Pictures are to be left out, but please repeat each record exactly.

------ Study material ------

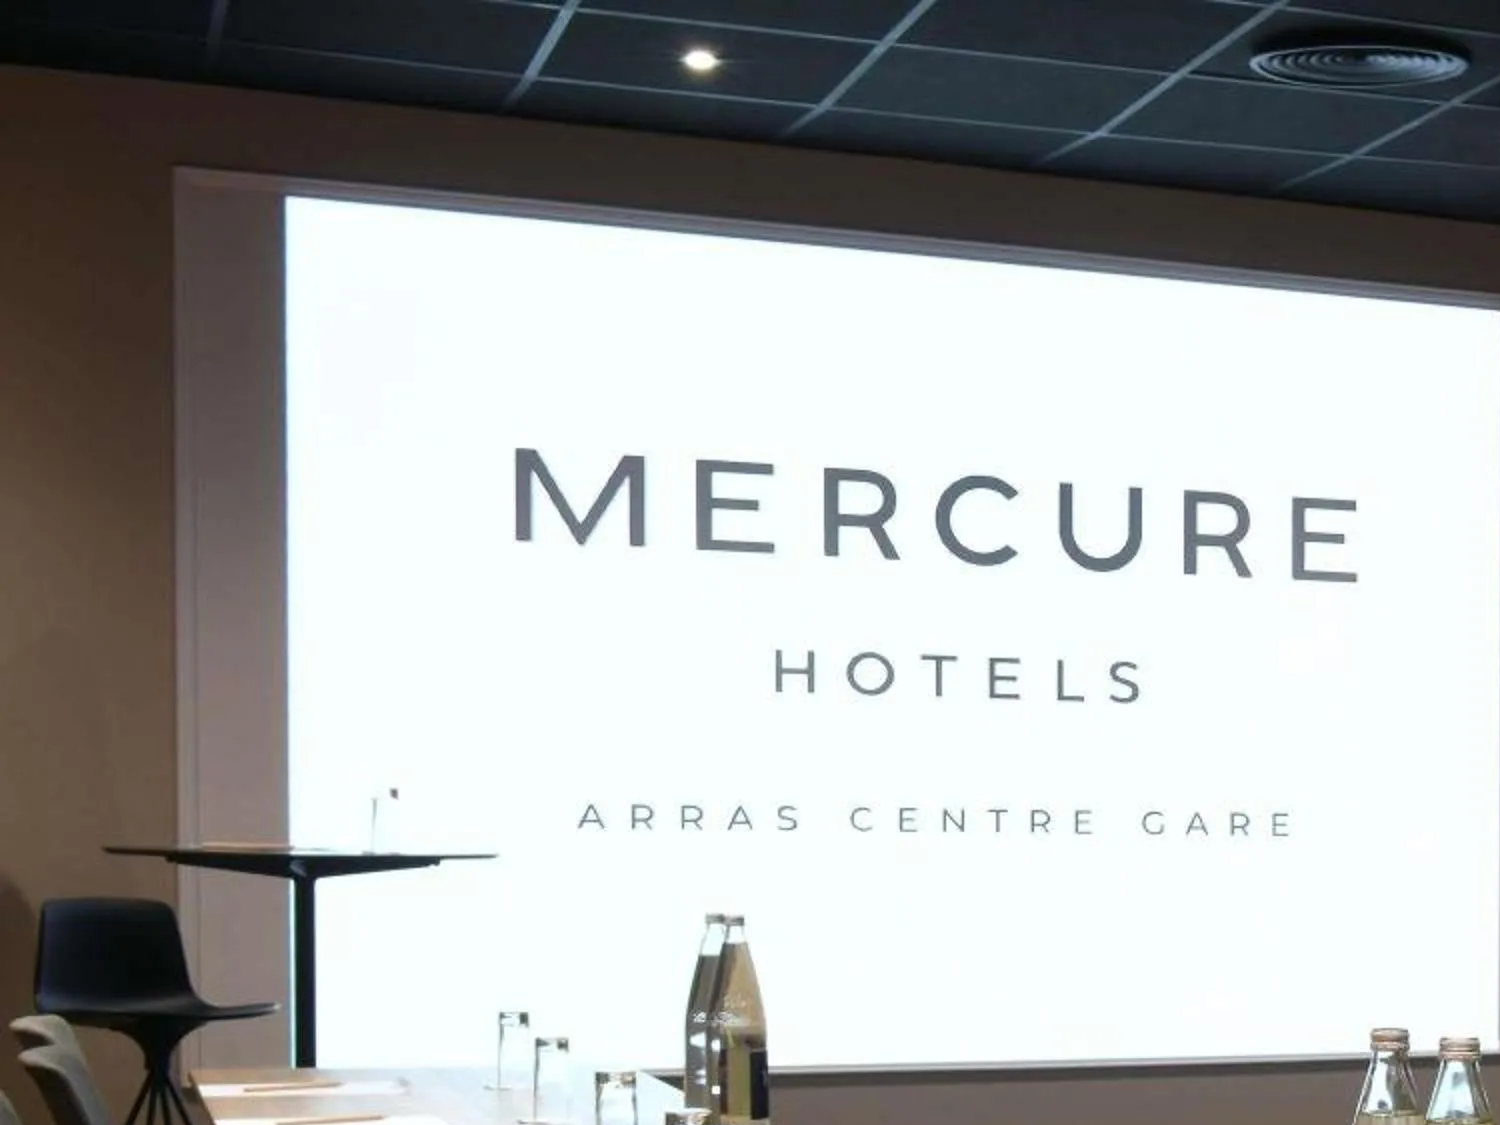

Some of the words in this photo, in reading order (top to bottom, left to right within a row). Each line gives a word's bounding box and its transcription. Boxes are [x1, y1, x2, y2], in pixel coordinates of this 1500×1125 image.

[514, 447, 1358, 583] MERCURE
[774, 648, 1140, 705] HOTELS
[577, 803, 799, 832] ARRAS
[850, 806, 1094, 836] CENTRE
[1141, 810, 1290, 838] GARE
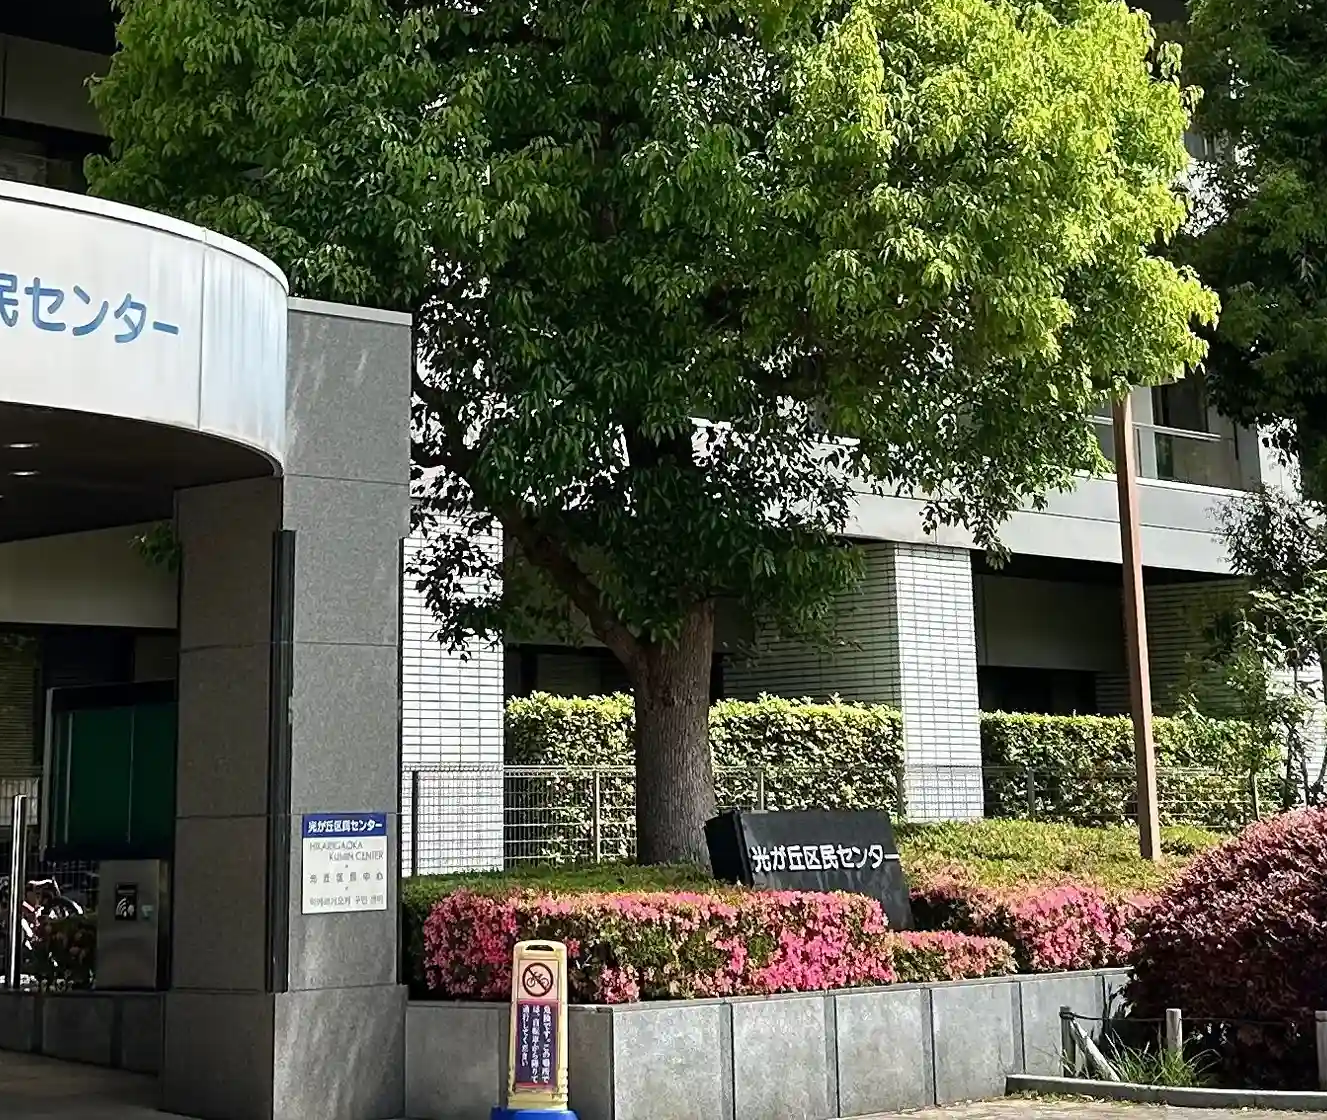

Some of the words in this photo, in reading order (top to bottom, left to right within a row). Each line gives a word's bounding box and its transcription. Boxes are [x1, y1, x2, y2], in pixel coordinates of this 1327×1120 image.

------

Task answer ->
Some of the words in this photo, in reading order (top to bottom, left to right within a row). Each line gives a word's bounding box and its transcription. Boxes are [x1, y1, x2, y2], in pixel coordinates of this 1500×1125 image.

[514, 447, 1358, 583] MERCURE
[774, 648, 1140, 705] HOTELS
[577, 803, 799, 832] ARRAS
[850, 806, 1094, 836] CENTRE
[1141, 810, 1290, 838] GARE

Some of the words in this photo, in reading order (top to bottom, left to right within a row). Each line gives a word's bounding box and its transcription. Boxes are [x1, y1, x2, y2], in pixel coordinates of this 1327×1120 image.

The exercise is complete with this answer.